Forward-Looking Statements
Statements about the expected timing, completion and effects of the merger, the other transactions contemplated by the merger agreement and all other statements included herein, other than historical facts, constitute forward-looking statements within the meaning of the safe harbor provisions of the Private Securities Litigation Reform Act of 1995. Readers are cautioned not to place undue reliance on these forward-looking statements and any such forward-looking statements are qualified in their entirety by reference to the following cautionary statements.
All forward-looking statements speak only as of the date hereof and are based on current expectations and involve a number of assumptions, risks and uncertainties that could cause the actual results to differ materially from such forward-looking statements. SmartStop may not be able to complete the proposed transaction on the terms described above or other acceptable terms or at all because of a number of factors, including without limitation, the following: (i) the occurrence of any event, change or other circumstances that could give rise to the termination of the merger agreement, (ii) the failure to obtain the requisite approval of SmartStop’s stockholders or the failure to satisfy the other closing conditions to the merger or the other transactions contemplated by the merger agreement, (iii) risks related to disruption of management’s attention from SmartStop’s ongoing business operations due to the transaction, and (iv) the effect of the announcement of the merger on the ability of SmartStop to retain and hire key personnel, maintain relationships with its customers and suppliers, and maintain its operating results and business generally.

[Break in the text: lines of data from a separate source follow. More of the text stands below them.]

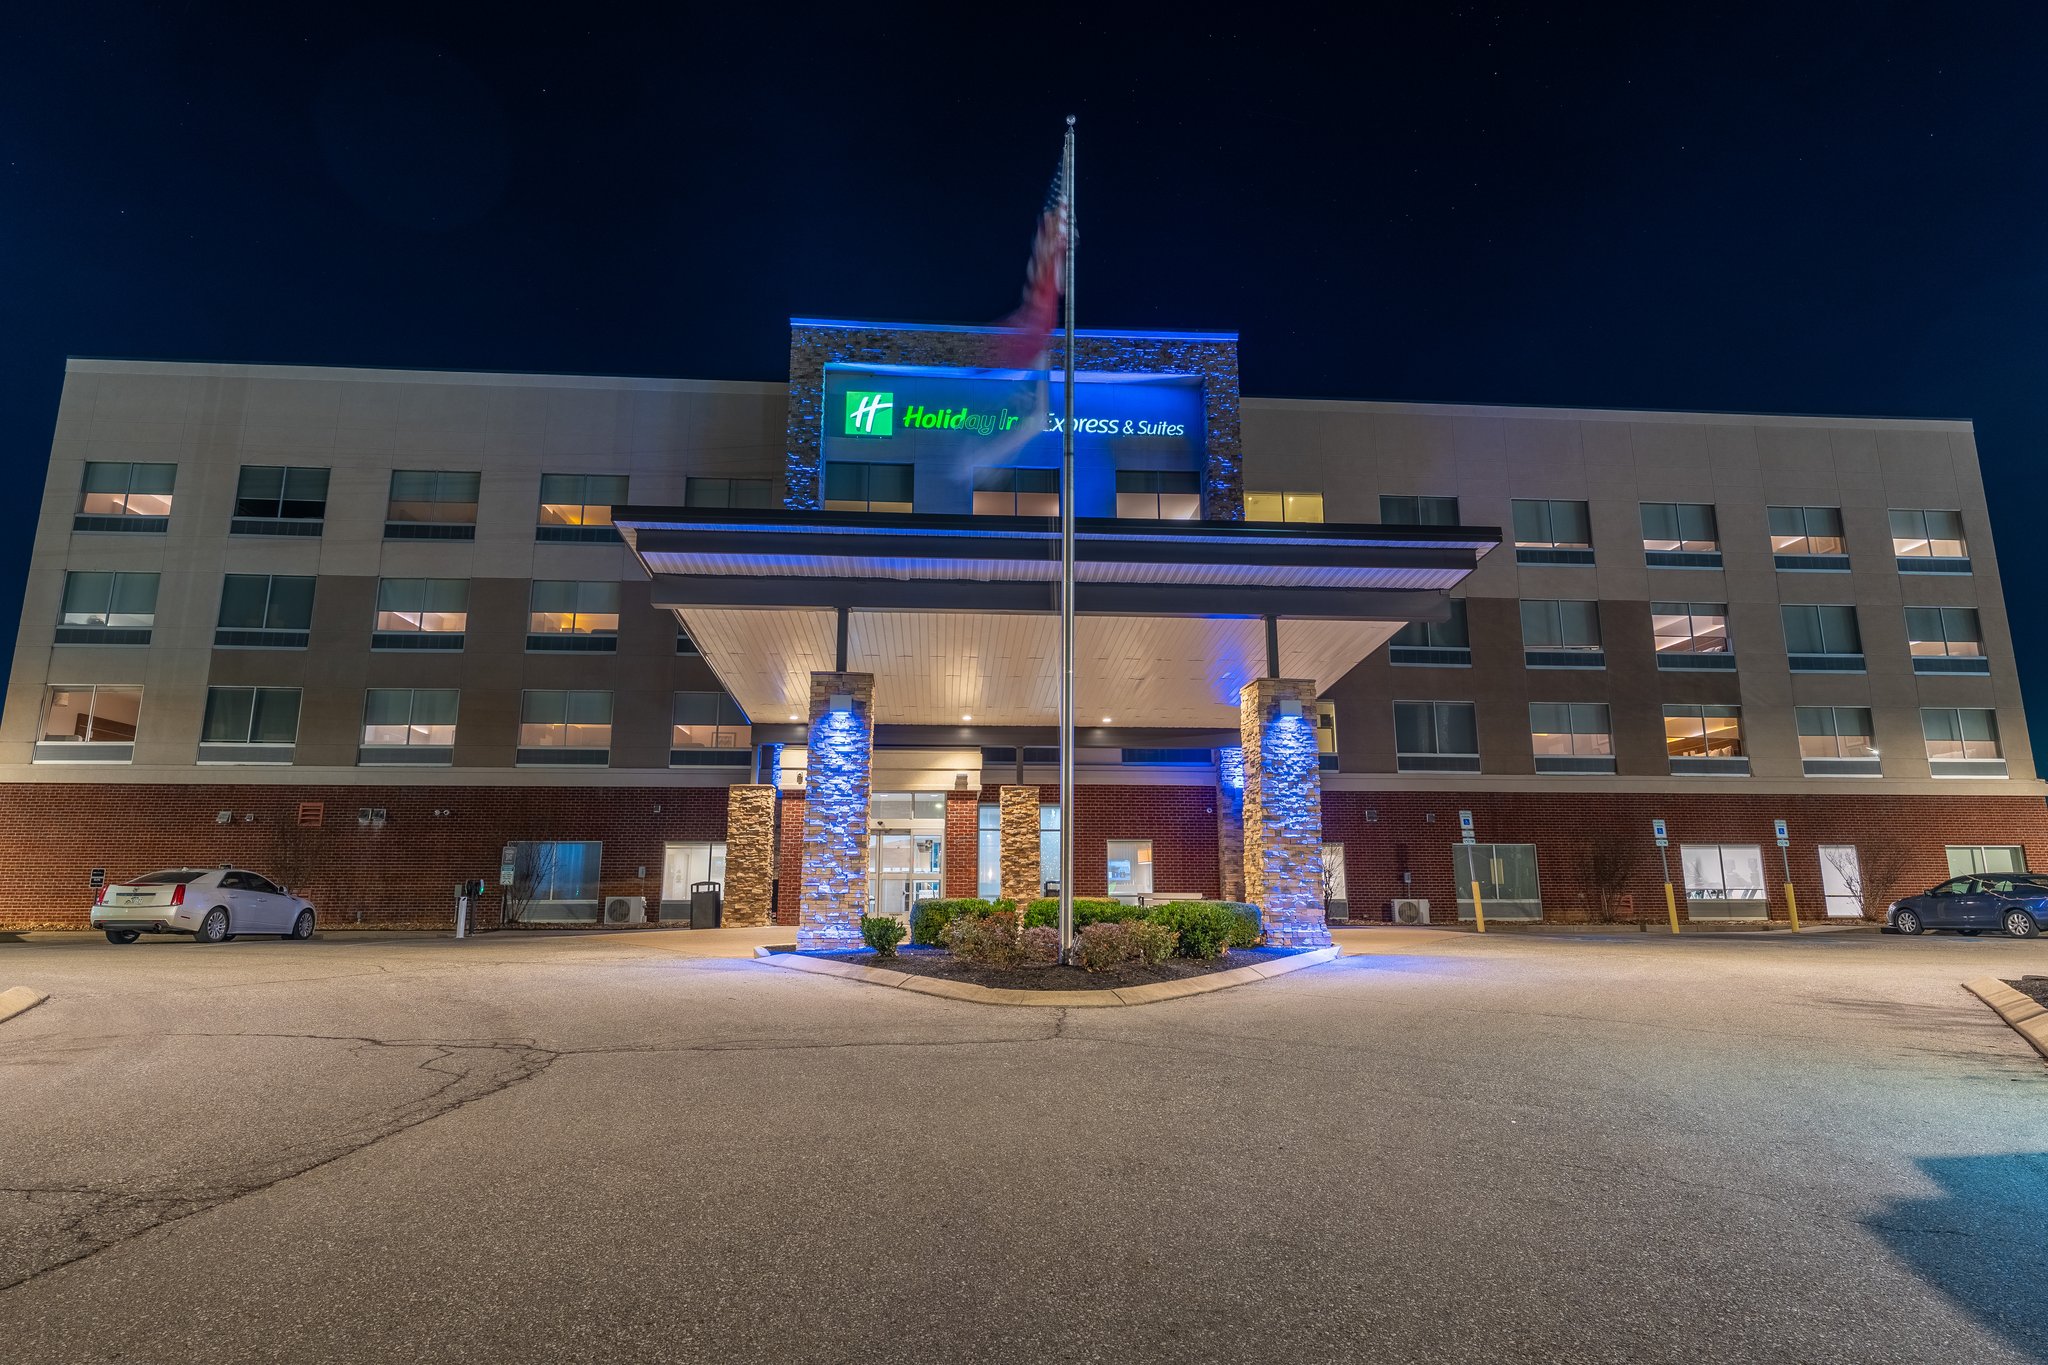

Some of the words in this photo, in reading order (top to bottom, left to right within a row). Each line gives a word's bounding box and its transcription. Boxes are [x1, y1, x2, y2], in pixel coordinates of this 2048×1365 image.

[903, 405, 997, 435] Holiday
[1122, 420, 1134, 434] &
[1137, 420, 1184, 436] Suites
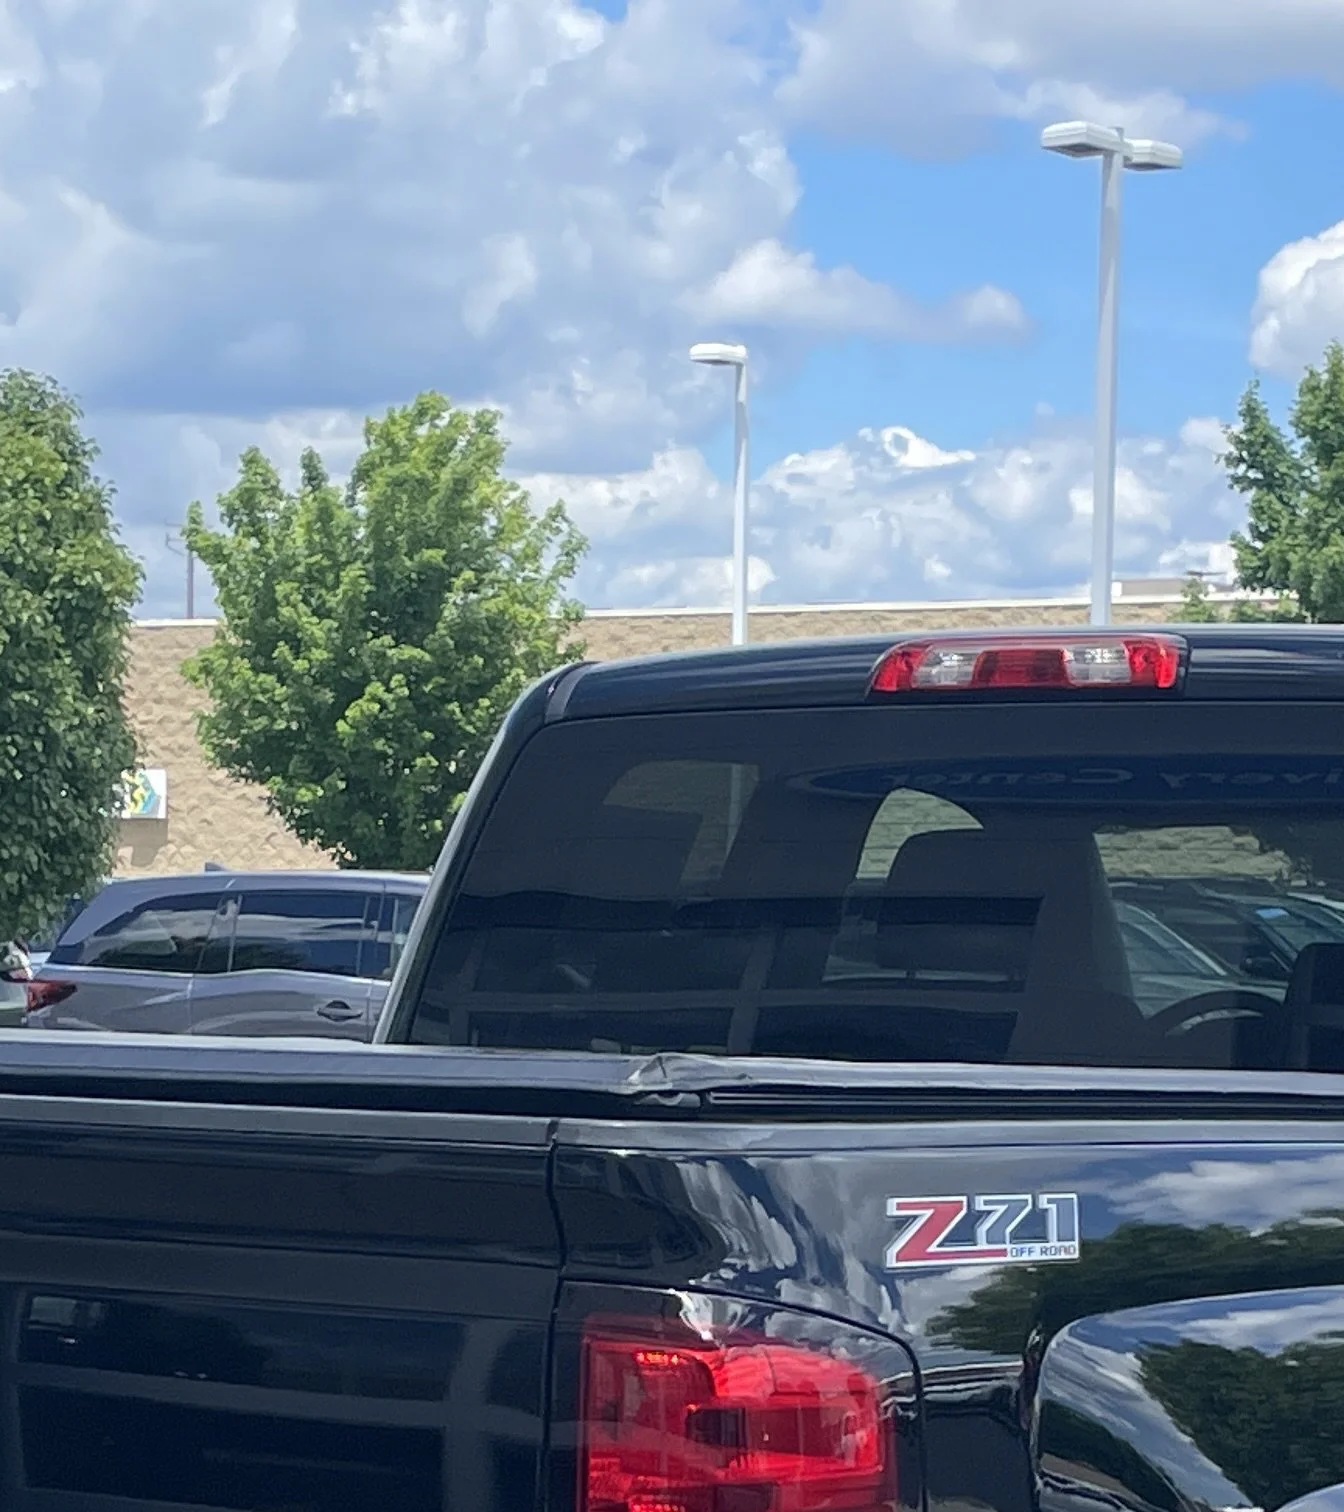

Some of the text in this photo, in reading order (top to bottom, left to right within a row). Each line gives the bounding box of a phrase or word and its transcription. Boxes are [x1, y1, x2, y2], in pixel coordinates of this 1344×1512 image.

[885, 1192, 1080, 1269] Z71
[1010, 1244, 1077, 1258] OFF ROAD

Actual results may differ materially from those indicated by such forward-looking statements. In addition, the forward-looking statements represent SmartStop’s views as of the date on which such statements were made. SmartStop anticipates that subsequent events and developments may cause its views to change. These forward-looking statements should not be relied upon as representing SmartStop’s views as of any date subsequent to the date hereof. Additional factors that may affect the business or financial results of SmartStop are described in the risk factors included in SmartStop’s filings with the SEC, including SmartStop’s Annual Report on Form 10-K for the fiscal year ended December 31, 2014 and filed with the SEC on March 25, 2015, and later filed quarterly reports on Form 10-Q and Current Reports on Form 8-K, which factors are incorporated herein by reference. SmartStop expressly disclaims a duty to provide updates to forward-looking statements, whether as a result of new information, future events or other occurrences.